Thanks to a new and growing body of scholarship on teaching and learning that has emerged over the past decade, we can now point to an array of evidence-based approaches and strategies that have the potential to move student success rates measurably beyond their persistently static level (ACT, 2000, 2015). And unlike most of the efforts that preceded them, these strategies are directly embedded in gateway-course classrooms of all kinds—online, blended, or face-to-face.

Gateway Courses Defined

This publication's chapter contributors and I are all drawing on a definition for gateway courses that is being used in the Gateways to Completion (G2C) project sponsored by the nonprofit John N. Gardner Institute for Excellence in Undergraduate Education (Gardner Institute). Forty institutions, including 2- and 4-year, public and private, not-for-profit, and proprietary, enrolling nearly 700,000 undergraduates, have been involved in the G2C effort since it was launched in fall 2013. With significant input from a national advisory committee, Gardner Institute staff members crafted the following definition, which is applicable to diverse institutions.

Gateway courses are defined by Koch and Rodier (2014) as any courses that are:

Foundational

: These courses may be non-credit-bearing developmental education courses—which often serve as initial paths to the gateway courses—and/or college credit-bearing, generally lower-division courses.

High-risk

: Such courses are identified by the rates at which D, F, W (for any form of withdrawal on the transcript) and I (for incomplete) grades are earned across sections of the course(s).

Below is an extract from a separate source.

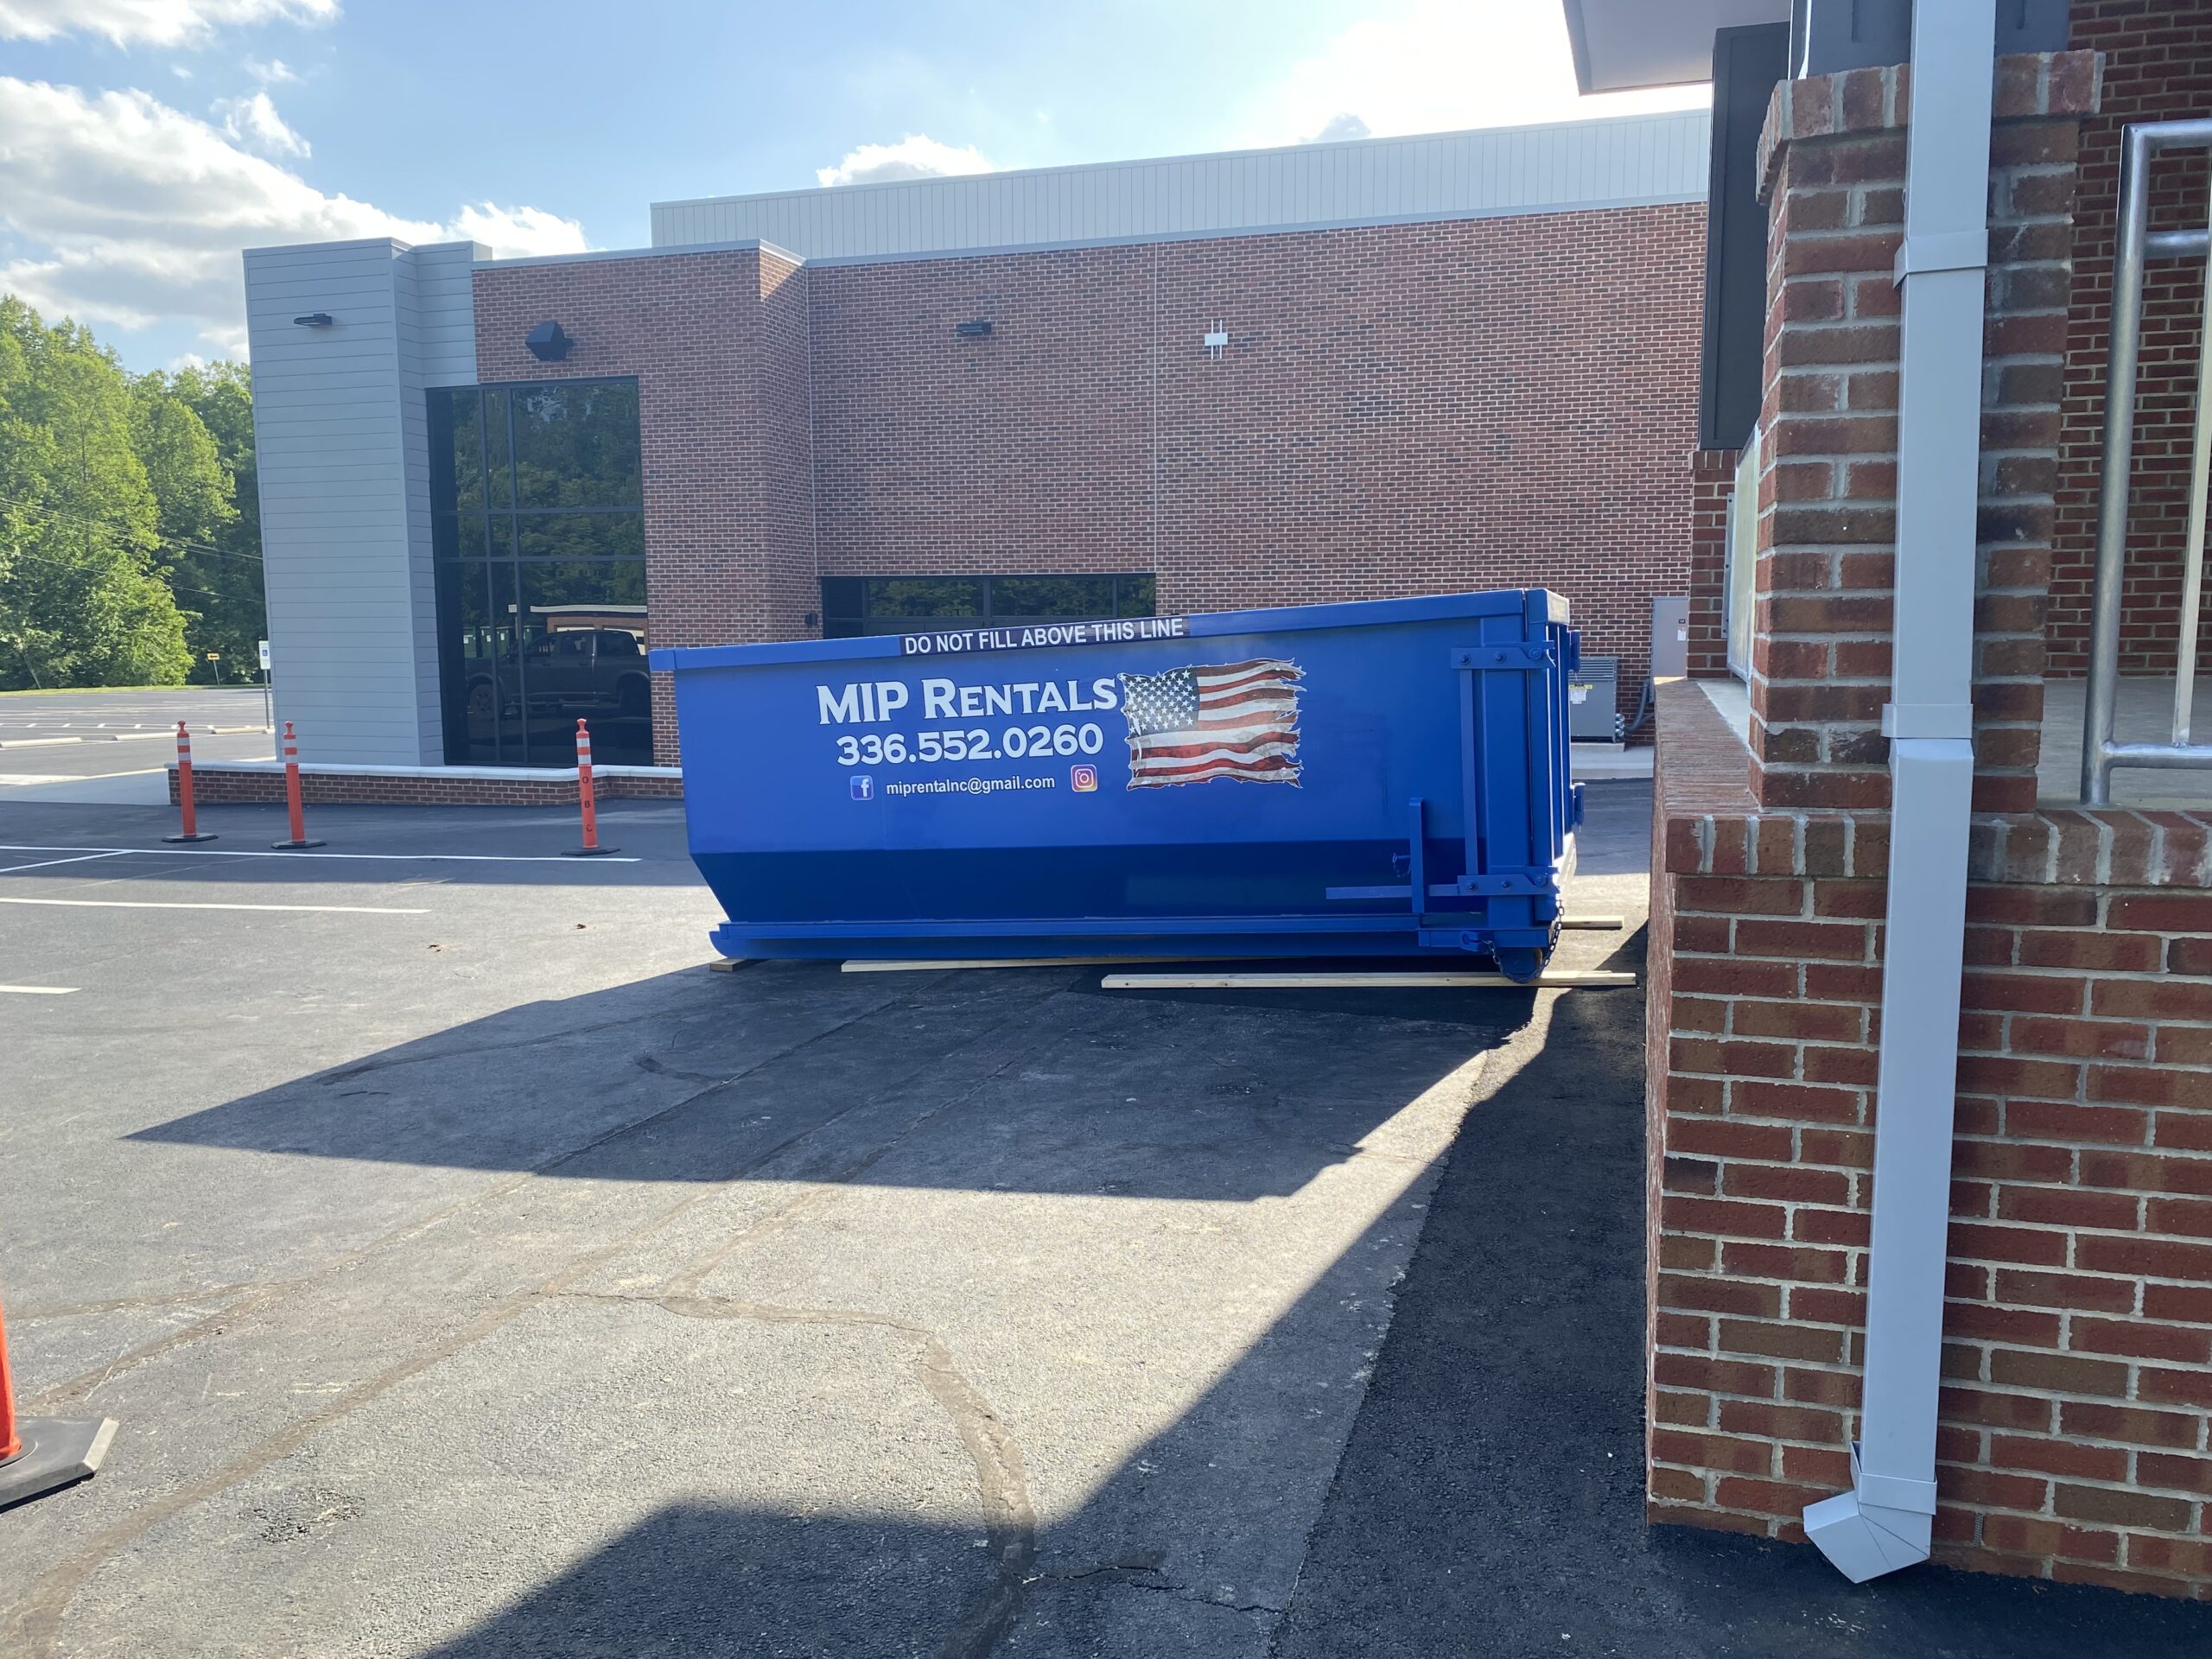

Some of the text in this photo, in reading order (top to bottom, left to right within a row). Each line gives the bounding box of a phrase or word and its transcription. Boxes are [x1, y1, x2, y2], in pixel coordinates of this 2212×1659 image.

Note that there is no set threshold rate; what constitutes an acceptable rate should be discussed and defined in local institutional contexts. Also note that W and I grades are included in the mix. Some argue that W and I grades should not be included because these grades do not factor into the grade point average. However, W and I grades do very much have deleterious implications for students over time.